Vielleicht etwas unmoralisch, aber nicht illegal – so hat EU-Kommissionspräsident Juncker die Steuerpolitik der einst von ihm geführten Regierung in Luxemburg stets verteidigt. Ein Anwalt hält jetzt dagegen: Steuerdeals mit Großkonzernen seien auch illegal gewesen. Dies sagte Rechtsanwalt Bernard Colin, der einen wegen der Veröffentlichung von Steuerbescheiden angeklagten Hinweisgeber verteidigt, am Mittwoch vor dem Berufungsgericht in Luxemburg. Die einst vom heutigen EU-Kommissionspräsidenten Jean-Claude Juncker geführte Regierung habe Steuervereinbarungen („Tax Rulings“) mit den Konzernen geduldet, für die es keinerlei Rechtsgrundlage gegeben habe. Sie hätten auch rechtsstaatlichen Prinzipien widersprochen.

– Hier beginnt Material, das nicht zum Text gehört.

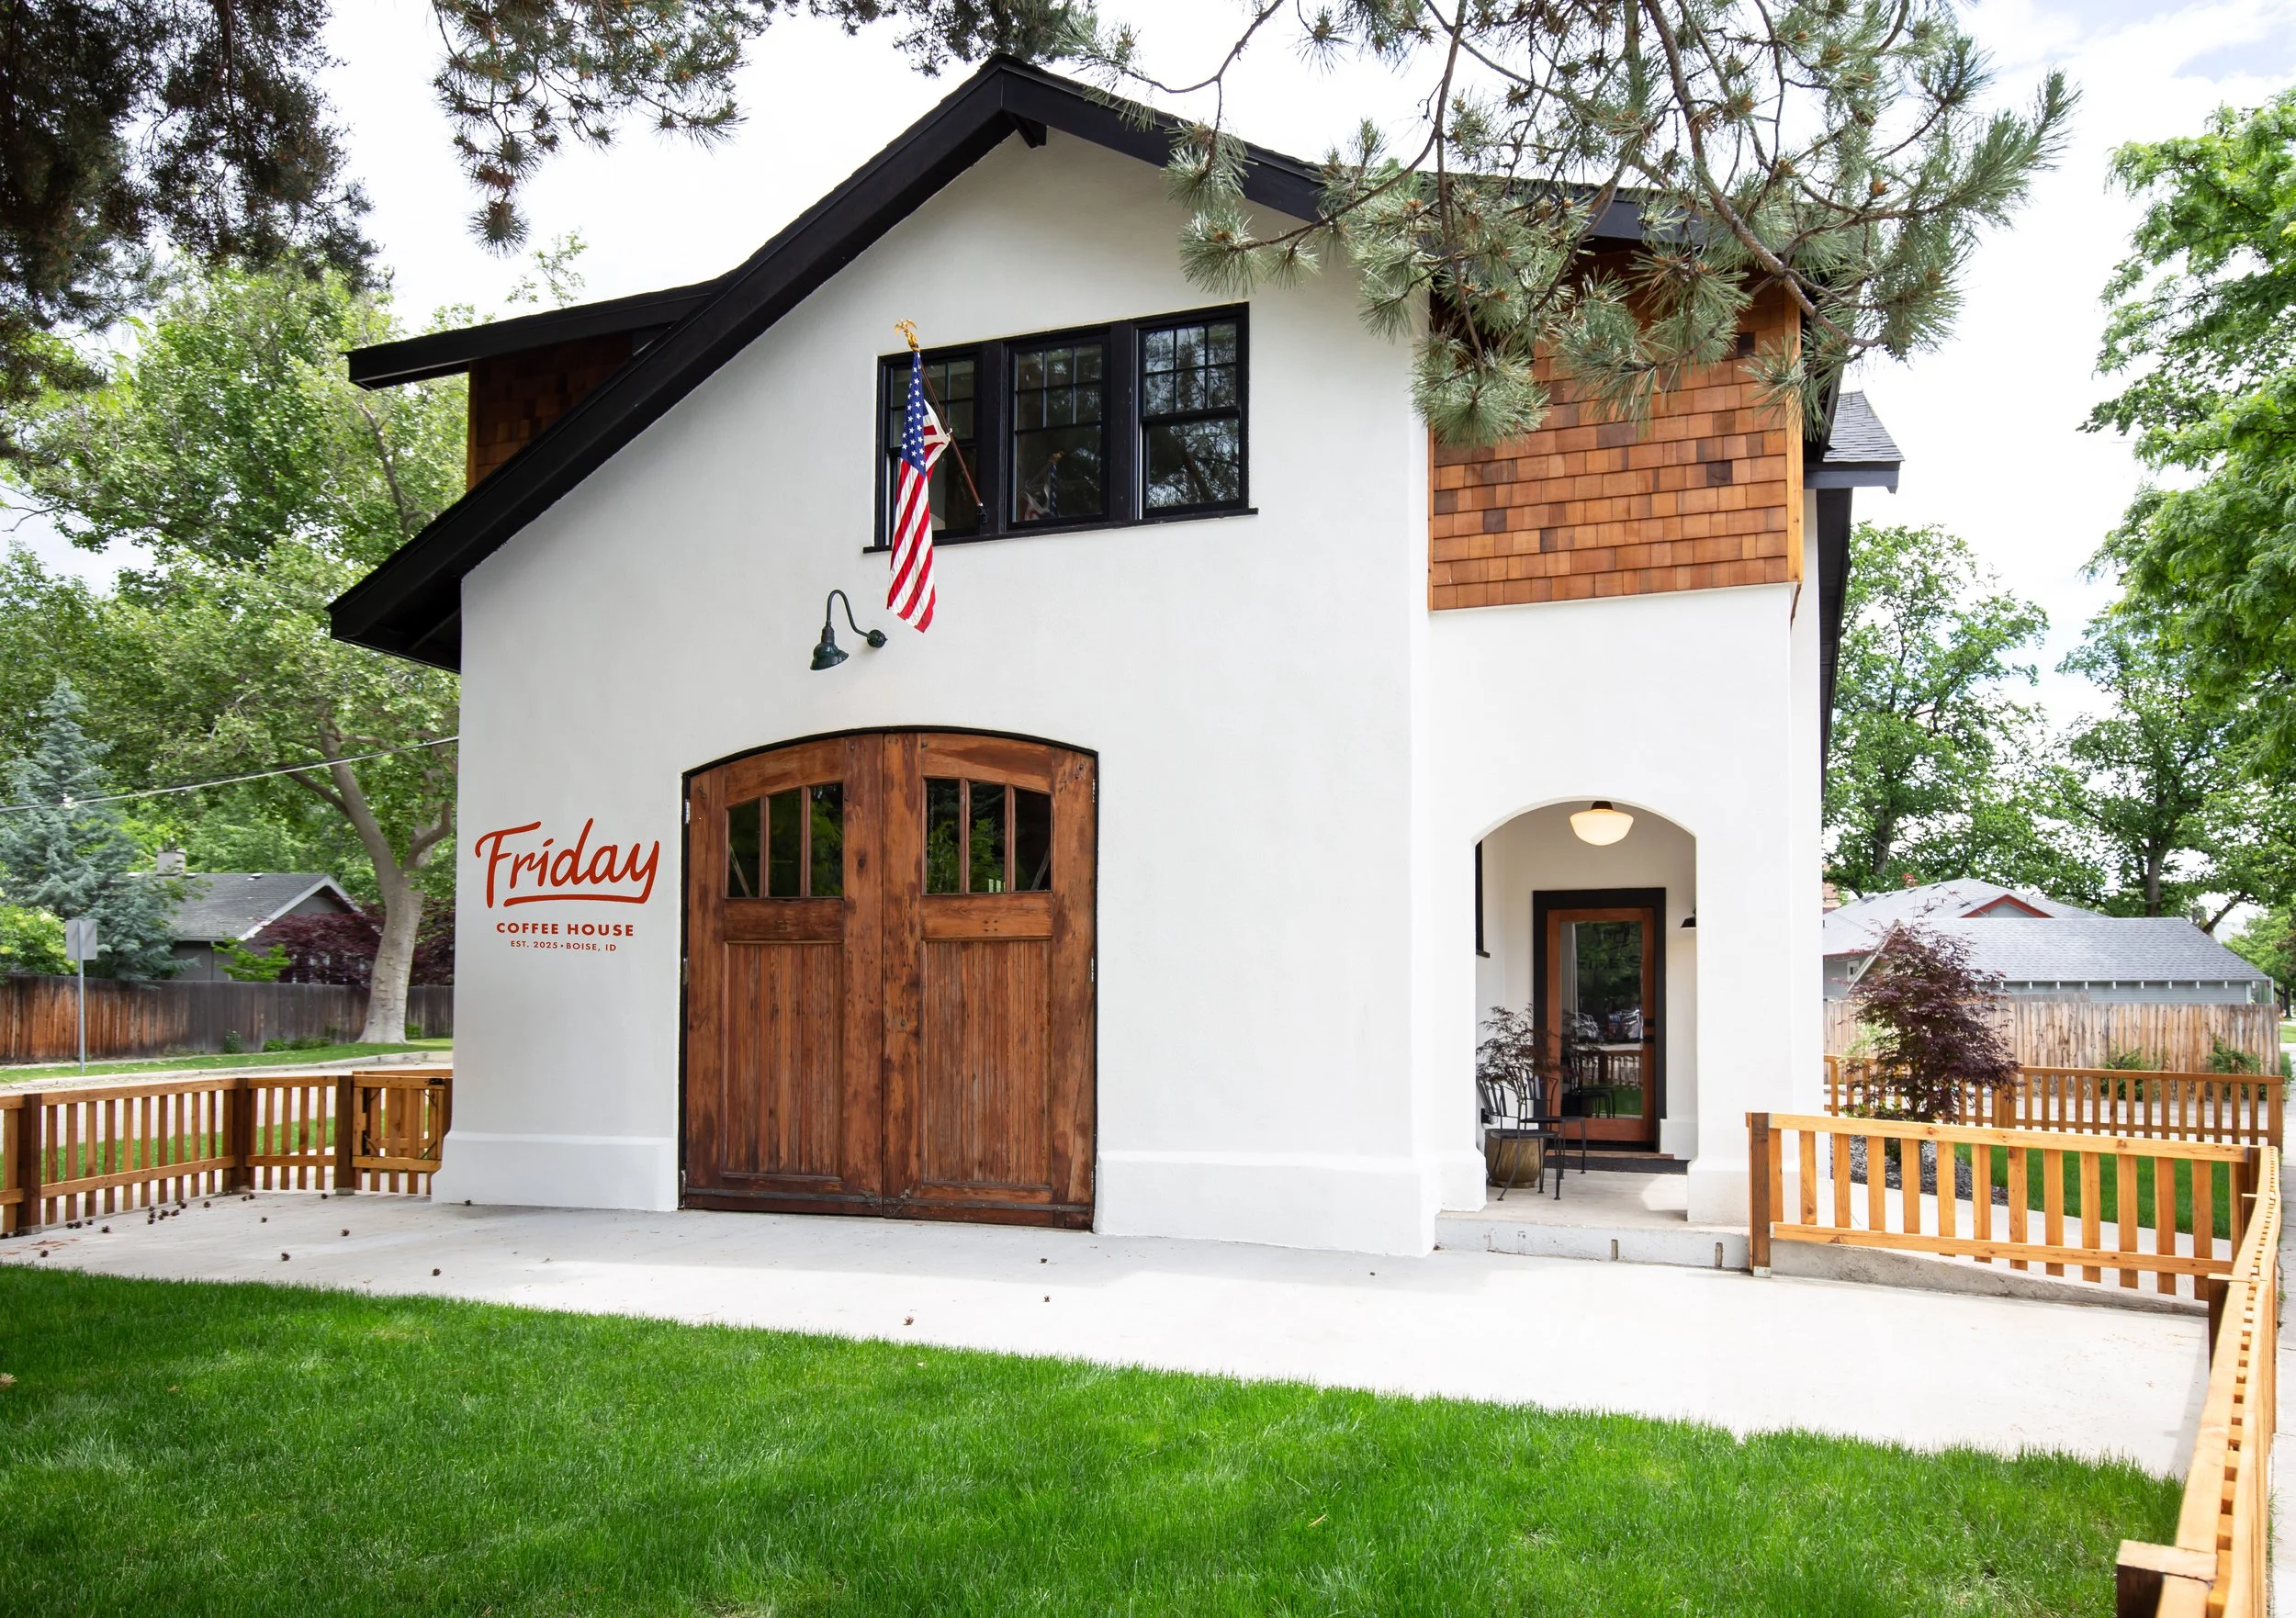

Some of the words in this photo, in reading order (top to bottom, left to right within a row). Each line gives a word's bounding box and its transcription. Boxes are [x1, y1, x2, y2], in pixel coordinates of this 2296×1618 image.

[474, 817, 660, 909] Friday
[496, 922, 559, 935] COFFEE
[567, 923, 635, 938] HOUSE
[533, 941, 558, 949] 2025
[566, 942, 602, 952] BOISE,
[605, 943, 617, 952] ID

Colin vertritt den Ex-Angestellten der Wirtschaftsprüfungsgesellschaft PricewaterhouseCoopers (PwC), Raphaël Halet, der im Juni in erster Instanz wegen der Veröffentlichung von Steuerbescheiden zu neun Monaten Haft auf Bewährung und 1000 Euro Geldbuße verurteilt worden war. „Halet hat nicht illegale Praktiken seines Arbeitgebers PwC kritisiert, sondern solche des luxemburgischen Staates“, sagte Colin.

Die „fehlende Seite“

Er berief sich auf eine bisher „fehlende Seite“ aus einem Bericht des luxemburgischen Politikers Jeannot Krecké aus dem Jahr 1997 über die „Tax Rulings“. Diese Seite war bereits 2015 von Juncker an den Linken-Europaabgeordneten Fabio de Masi übermittelt worden. Darin heißt es unter anderem: „Die Praxis eines Rulings oder einer vorherigen Einigung mit der Steuerverwaltung existiert nicht in unserer Steuergesetzgebung.“

Tatsächlich habe die luxemburgische Regierung die „Tax Rulings“ jahrelang ohne irgendeine Rechtsgrundlage und ohne irgendwelche schriftlichen Anweisungen einigen wenigen Finanzbeamten überlassen. Dies habe dazu geführt, dass PwC Steuerbescheide über absurd geringe Steuerzahlungen schon auf dem offiziellen Papier der Finanzbehörde druckte und dann praktisch ohne Prüfung von einem Finanzbeamten abzeichnen ließ. Erst die Veröffentlichung der „Luxleaks“ habe wieder „Ordnung in das Gesetzgebungssystem Luxemburgs“ gebracht.

Neben Halet hat auch der Ex-PwC-Mitarbeiter Antoine Deltour Berufung gegen seine Verurteilung zu zwölf Monaten Haft auf Bewährung und 1500 Euro Geldbuße eingelegt. Für kommenden Montag ist eine weitere mündliche Verhandlung geplant. Für beide Angeklagten fordern die Verteidiger Freispruch.